Oggetti in JavaScript

Un oggetto è una collezione non ordinata di proprietà. Ciascuna proprietà è una coppia nome (key) - valore. I valori si memorizzano e si recuperano tramite il nome della proprietà, che funge da identificatore. Di fatto, un oggetto rappresenta una piccola “tabella di simboli” privata, accessibile in lettura e scrittura.

Nomi e gestione delle proprietà

Il nome di una proprietà è sempre una stringa (anche quando lo si scrive come un identificatore non fra virgolette).

Questa duttilità rende l’oggetto una struttura dinamica, in cui la “mappa” di proprietà può evolvere liberamente durante l’esecuzione.

Valori delle proprietà

Il valore associato a un nome può essere qualsiasi valore JavaScript: un primitivo (stringa, numero, booleano, null, undefined, symbol, bigint), un array, un altro oggetto o perfino una funzione.

Quando il valore è un oggetto o un array, l’oggetto “contiene” solo un riferimento: il dato reale risiede altrove nello heap.
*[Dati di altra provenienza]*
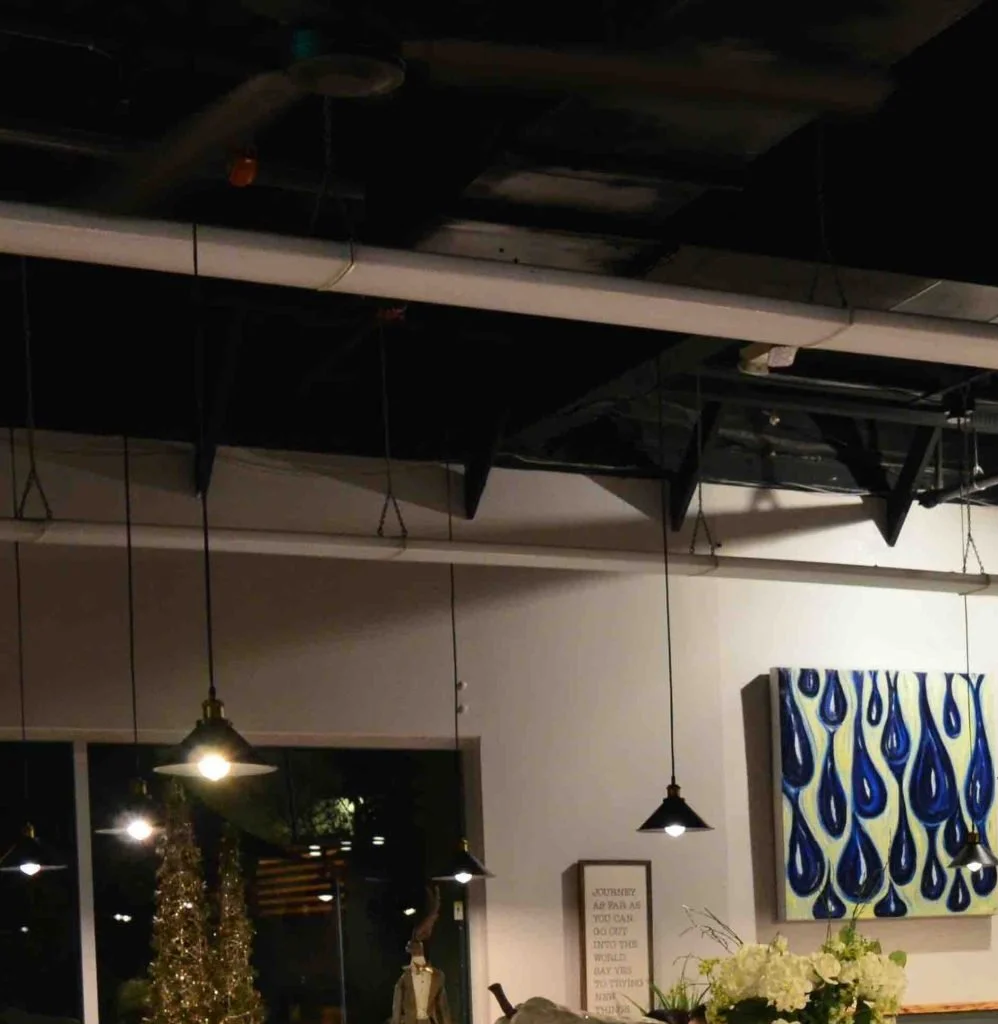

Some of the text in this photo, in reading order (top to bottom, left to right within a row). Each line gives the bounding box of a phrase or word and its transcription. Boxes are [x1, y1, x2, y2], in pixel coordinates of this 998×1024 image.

Questo permette la condivisione efficiente di strutture complesse ma richiede attenzione ai side-effect, perché due riferimenti possono puntare allo stesso sotto-oggetto. Se il valore è una funzione, parliamo di metodo: la funzione diventa parte integrante dell’oggetto e di solito opera sui suoi stessi dati tramite this.

Metodi equivalenti di creazione

JavaScript offre diversi approcci, concettualmente equivalenti, per ottenere un nuovo oggetto:

  1. Literal con valori - La forma più concisa e consigliata:

    const point = { x: 2, y: 5 };
    const book = {
      author: "Enrico",
      title: "Learning JS",
      for: "students",
      pages: 520,
    };
    
  2. Literal vuoto - Parte da {} e aggiunge proprietà dopo: const p = {}; p.x = 2;.

  3. Costruttore built-in - const p = new Object(); (verboso, senza vantaggi reali).

  4. Object.create - Crea un oggetto specificando il prototipo: const p = Object.create({ x: 2, y: 5 });.

  5. Funzione costruttrice/class - Utile quando si vogliono istanziare più oggetti che condividono lo stesso prototipo e la stessa logica di inizializzazione.

Scelta raccomandata: preferire la object literal syntax (punti 1 e 2). È più leggibile, evita sorprese e - in contesti moderni - è anche la più performante. Gli altri metodi hanno senso in casi mirati: prototipi personalizzati (Object.create) o creazione di gerarchie di oggetti tramite funzioni costruttrici o classi.